What to work on: Excluding any images, copy all of the lines below precisely as written.

[Start of Attachment]

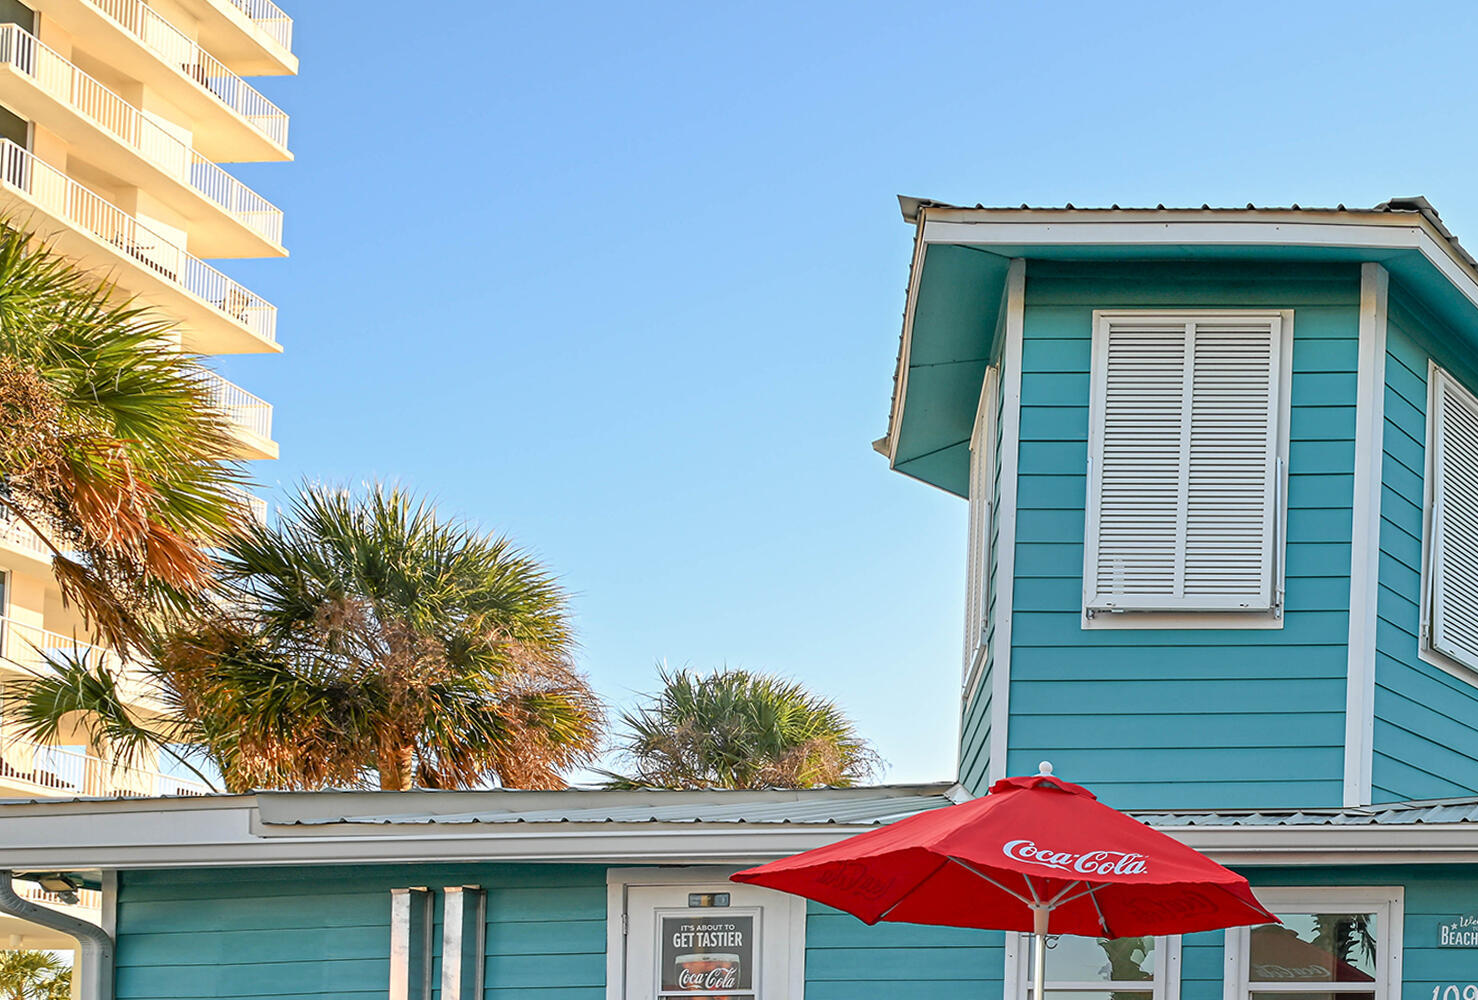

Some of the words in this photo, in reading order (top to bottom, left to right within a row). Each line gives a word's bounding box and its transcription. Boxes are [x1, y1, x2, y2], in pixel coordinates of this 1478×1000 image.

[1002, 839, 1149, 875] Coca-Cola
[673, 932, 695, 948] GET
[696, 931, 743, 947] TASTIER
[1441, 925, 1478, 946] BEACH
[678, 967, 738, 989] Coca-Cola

[End of Attachment]

Answer section:
Some of the words in this photo, in reading order (top to bottom, left to right within a row). Each line gives a word's bounding box and its transcription. Boxes are [x1, y1, x2, y2], in pixel coordinates of this 1478×1000 image.

[1002, 839, 1149, 875] Coca-Cola
[673, 932, 695, 948] GET
[696, 931, 743, 947] TASTIER
[1441, 925, 1478, 946] BEACH
[678, 967, 738, 989] Coca-Cola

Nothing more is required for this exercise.